■ TASK STATEMENT:
The data is to be set down once more, exactly as it reads.

■ EXERCISE DATA:
Segment Open

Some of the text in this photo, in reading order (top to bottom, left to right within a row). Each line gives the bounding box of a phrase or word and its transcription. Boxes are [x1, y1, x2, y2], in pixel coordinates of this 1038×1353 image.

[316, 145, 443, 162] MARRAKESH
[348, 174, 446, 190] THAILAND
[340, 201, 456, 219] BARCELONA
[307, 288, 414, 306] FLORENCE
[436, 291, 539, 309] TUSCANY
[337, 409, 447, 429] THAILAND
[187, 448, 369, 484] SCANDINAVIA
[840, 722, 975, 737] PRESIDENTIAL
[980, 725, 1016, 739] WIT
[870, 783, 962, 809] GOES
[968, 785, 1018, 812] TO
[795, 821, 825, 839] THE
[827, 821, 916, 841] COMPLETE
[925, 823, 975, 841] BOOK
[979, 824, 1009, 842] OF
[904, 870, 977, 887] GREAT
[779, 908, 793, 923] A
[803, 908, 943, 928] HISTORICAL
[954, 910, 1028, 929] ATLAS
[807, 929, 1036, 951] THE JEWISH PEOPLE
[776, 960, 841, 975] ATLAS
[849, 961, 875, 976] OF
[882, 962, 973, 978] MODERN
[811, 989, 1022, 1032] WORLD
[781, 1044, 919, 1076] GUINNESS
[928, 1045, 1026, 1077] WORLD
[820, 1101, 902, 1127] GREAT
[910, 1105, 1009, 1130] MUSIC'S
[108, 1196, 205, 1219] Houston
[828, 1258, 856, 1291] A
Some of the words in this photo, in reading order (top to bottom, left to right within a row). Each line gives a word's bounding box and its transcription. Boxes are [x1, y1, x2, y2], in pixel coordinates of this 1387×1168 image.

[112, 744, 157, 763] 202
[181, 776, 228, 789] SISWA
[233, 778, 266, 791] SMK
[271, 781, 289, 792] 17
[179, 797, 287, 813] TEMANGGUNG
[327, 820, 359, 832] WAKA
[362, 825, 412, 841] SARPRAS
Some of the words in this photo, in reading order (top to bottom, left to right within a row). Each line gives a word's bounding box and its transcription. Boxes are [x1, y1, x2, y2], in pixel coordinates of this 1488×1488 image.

Segment Closed

■ TASK ANSWER:
Some of the text in this photo, in reading order (top to bottom, left to right within a row). Each line gives the bounding box of a phrase or word and its transcription. Boxes are [x1, y1, x2, y2], in pixel coordinates of this 1038×1353 image.

[316, 145, 443, 162] MARRAKESH
[348, 174, 446, 190] THAILAND
[340, 201, 456, 219] BARCELONA
[307, 288, 414, 306] FLORENCE
[436, 291, 539, 309] TUSCANY
[337, 409, 447, 429] THAILAND
[187, 448, 369, 484] SCANDINAVIA
[840, 722, 975, 737] PRESIDENTIAL
[980, 725, 1016, 739] WIT
[870, 783, 962, 809] GOES
[968, 785, 1018, 812] TO
[795, 821, 825, 839] THE
[827, 821, 916, 841] COMPLETE
[925, 823, 975, 841] BOOK
[979, 824, 1009, 842] OF
[904, 870, 977, 887] GREAT
[779, 908, 793, 923] A
[803, 908, 943, 928] HISTORICAL
[954, 910, 1028, 929] ATLAS
[807, 929, 1036, 951] THE JEWISH PEOPLE
[776, 960, 841, 975] ATLAS
[849, 961, 875, 976] OF
[882, 962, 973, 978] MODERN
[811, 989, 1022, 1032] WORLD
[781, 1044, 919, 1076] GUINNESS
[928, 1045, 1026, 1077] WORLD
[820, 1101, 902, 1127] GREAT
[910, 1105, 1009, 1130] MUSIC'S
[108, 1196, 205, 1219] Houston
[828, 1258, 856, 1291] A
Some of the words in this photo, in reading order (top to bottom, left to right within a row). Each line gives a word's bounding box and its transcription. Boxes are [x1, y1, x2, y2], in pixel coordinates of this 1387×1168 image.

[112, 744, 157, 763] 202
[181, 776, 228, 789] SISWA
[233, 778, 266, 791] SMK
[271, 781, 289, 792] 17
[179, 797, 287, 813] TEMANGGUNG
[327, 820, 359, 832] WAKA
[362, 825, 412, 841] SARPRAS
Some of the words in this photo, in reading order (top to bottom, left to right within a row). Each line gives a word's bounding box and its transcription. Boxes are [x1, y1, x2, y2], in pixel coordinates of this 1488×1488 image.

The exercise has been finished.